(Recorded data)
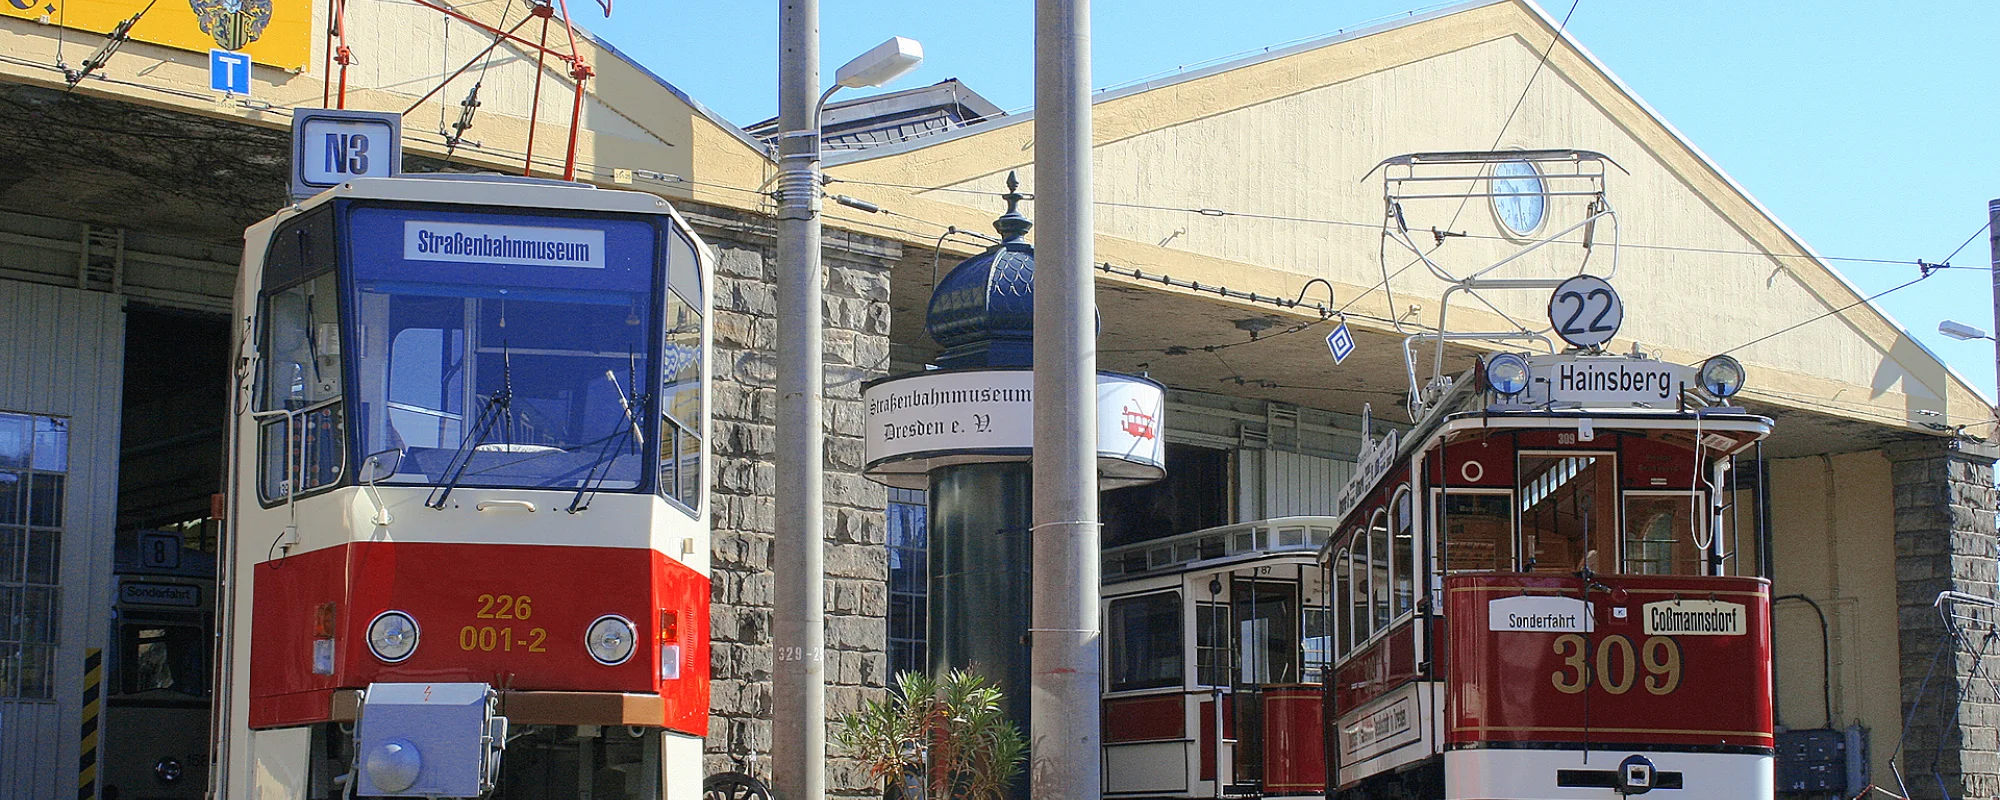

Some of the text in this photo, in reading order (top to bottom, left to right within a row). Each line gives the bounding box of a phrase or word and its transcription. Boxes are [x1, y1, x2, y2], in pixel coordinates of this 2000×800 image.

[218, 56, 242, 88] T
[325, 133, 369, 175] N3
[418, 230, 590, 262] Straßenbahnmuseum
[1559, 288, 1613, 335] 22
[1560, 364, 1671, 399] Hainsberg
[870, 386, 1032, 416] Straßenbahnmuseum
[884, 413, 992, 443] Dresden e. V.
[1558, 433, 1575, 445] 309
[155, 540, 165, 563] 8
[1261, 565, 1272, 575] 87
[127, 585, 191, 600] Sonderfahrt
[476, 593, 532, 620] 226
[1509, 613, 1576, 629] Sonderfahrt
[1651, 606, 1737, 633] Coßmannsdorf
[459, 625, 547, 653] 001-2
[1551, 634, 1681, 695] 309
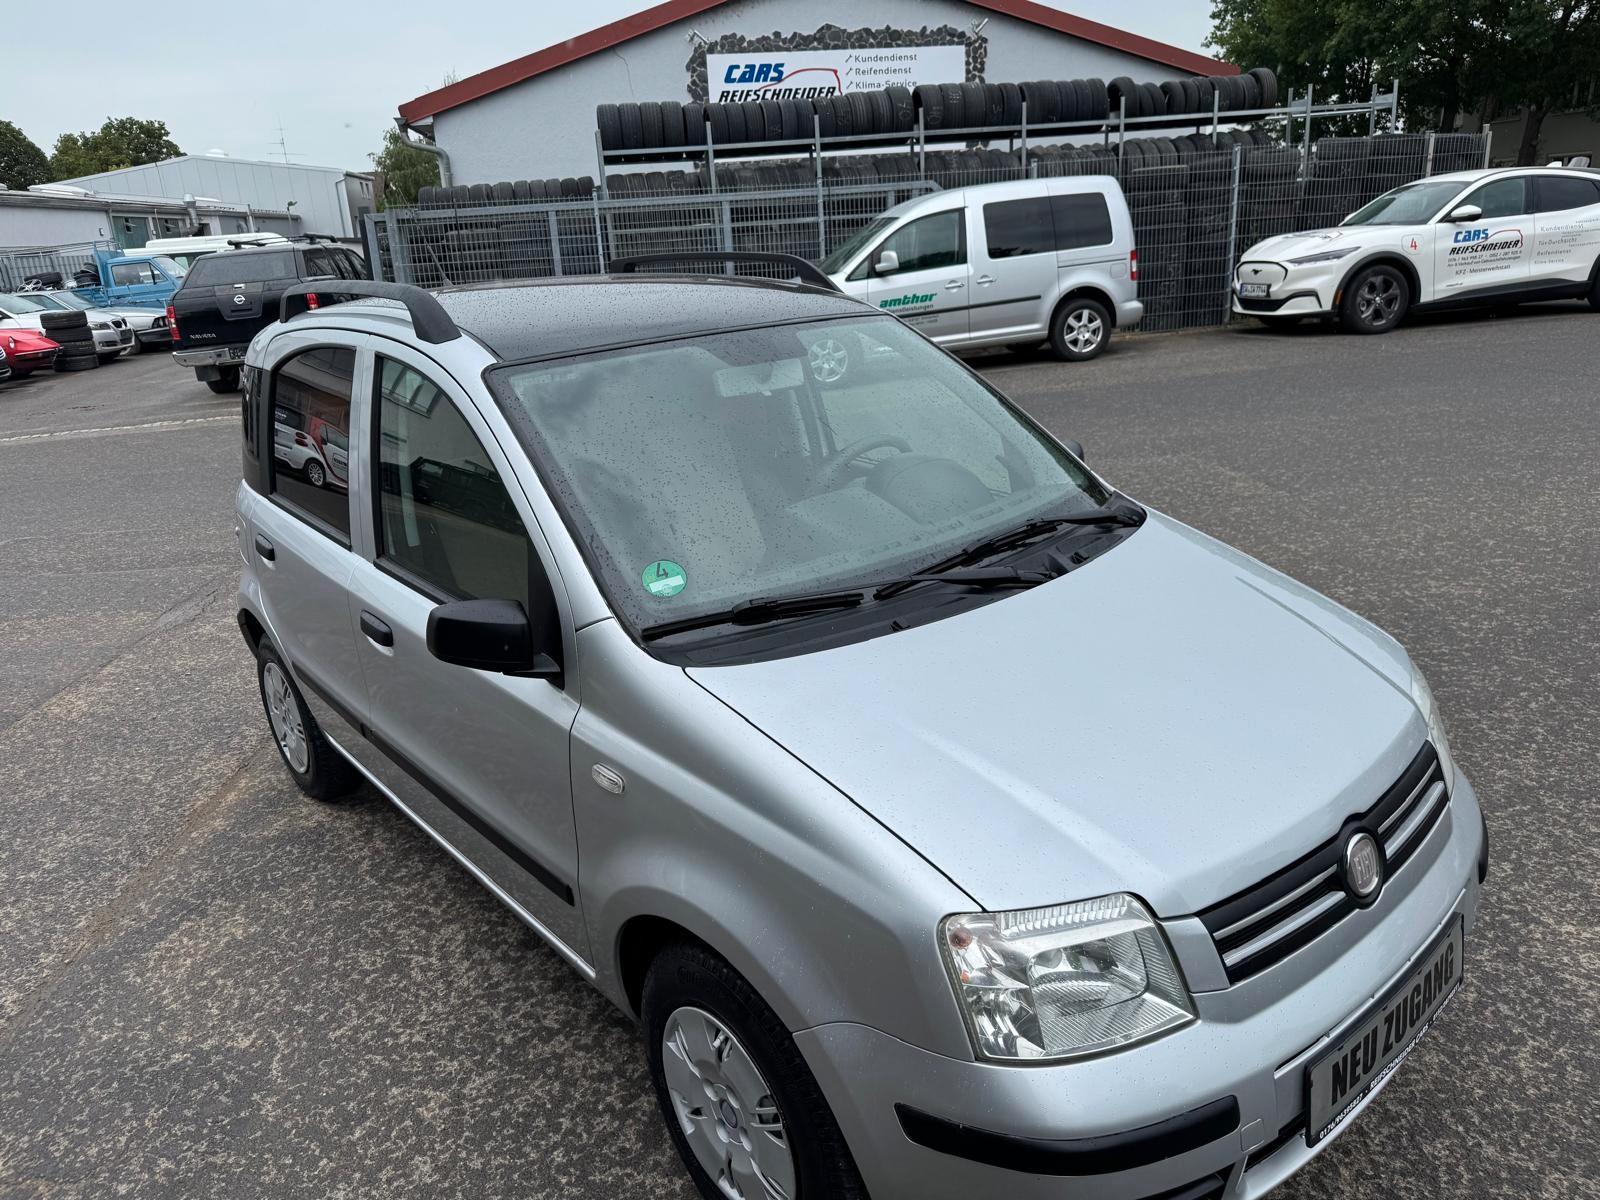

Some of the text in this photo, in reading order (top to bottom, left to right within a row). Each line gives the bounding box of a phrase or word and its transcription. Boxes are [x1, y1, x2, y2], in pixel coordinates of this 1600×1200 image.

[854, 53, 918, 63] Kundendienst
[855, 67, 912, 76] Reifendienst
[855, 79, 917, 90] Klima-Service
[1409, 237, 1418, 250] 4
[1449, 239, 1521, 256] REIFSCHNEIDER
[880, 292, 938, 308] amthor
[656, 562, 669, 578] 4
[1331, 1026, 1378, 1106] NEU
[1381, 941, 1454, 1058] ZUGANG

### TASK ITEM
Copy the data word for word, no pictures.

### ANSWER TO THE EXERCISE
Some of the text in this photo, in reading order (top to bottom, left to right within a row). Each line gives the bounding box of a phrase or word and its transcription. Boxes are [x1, y1, x2, y2], in pixel coordinates of this 2000×800 image.

[218, 56, 242, 88] T
[325, 133, 369, 175] N3
[418, 230, 590, 262] Straßenbahnmuseum
[1559, 288, 1613, 335] 22
[1560, 364, 1671, 399] Hainsberg
[870, 386, 1032, 416] Straßenbahnmuseum
[884, 413, 992, 443] Dresden e. V.
[1558, 433, 1575, 445] 309
[155, 540, 165, 563] 8
[1261, 565, 1272, 575] 87
[127, 585, 191, 600] Sonderfahrt
[476, 593, 532, 620] 226
[1509, 613, 1576, 629] Sonderfahrt
[1651, 606, 1737, 633] Coßmannsdorf
[459, 625, 547, 653] 001-2
[1551, 634, 1681, 695] 309

Some of the text in this photo, in reading order (top to bottom, left to right within a row). Each line gives the bounding box of a phrase or word and its transcription. Boxes are [x1, y1, x2, y2], in pixel coordinates of this 1600×1200 image.

[854, 53, 918, 63] Kundendienst
[855, 67, 912, 76] Reifendienst
[855, 79, 917, 90] Klima-Service
[1409, 237, 1418, 250] 4
[1449, 239, 1521, 256] REIFSCHNEIDER
[880, 292, 938, 308] amthor
[656, 562, 669, 578] 4
[1331, 1026, 1378, 1106] NEU
[1381, 941, 1454, 1058] ZUGANG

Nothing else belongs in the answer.